[Data extracted from a collection]
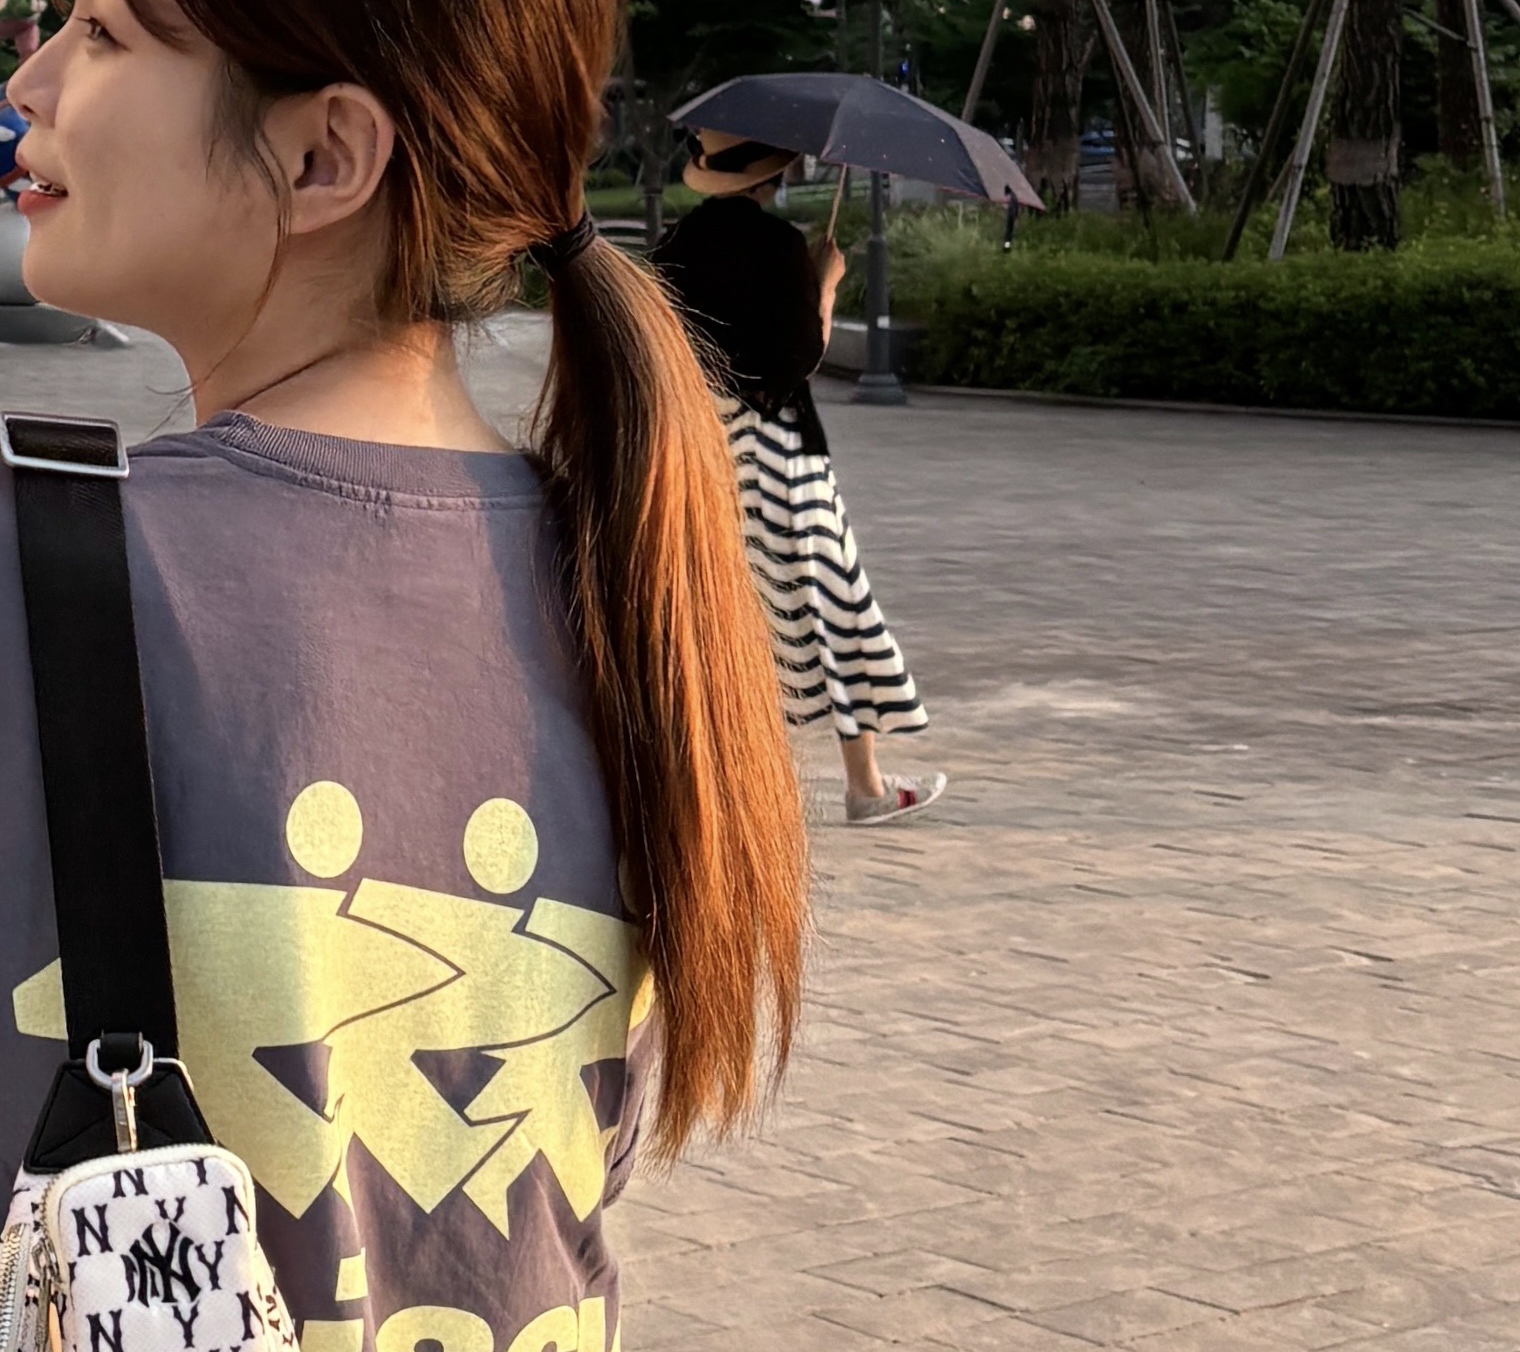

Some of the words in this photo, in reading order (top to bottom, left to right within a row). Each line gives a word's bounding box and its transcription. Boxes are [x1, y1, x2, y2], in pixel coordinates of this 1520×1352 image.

[71, 1203, 114, 1258] N
[127, 1220, 203, 1307] NY
[194, 1239, 225, 1291] Y
[171, 1301, 199, 1349] Y

# WORK INSTRUCTIONS:
Retype the entries verbatim and drop the pictures.

# ANSWER TO THIS TASK:
Some of the words in this photo, in reading order (top to bottom, left to right within a row). Each line gives a word's bounding box and its transcription. Boxes are [x1, y1, x2, y2], in pixel coordinates of this 1520×1352 image.

[71, 1203, 114, 1258] N
[127, 1220, 203, 1307] NY
[194, 1239, 225, 1291] Y
[171, 1301, 199, 1349] Y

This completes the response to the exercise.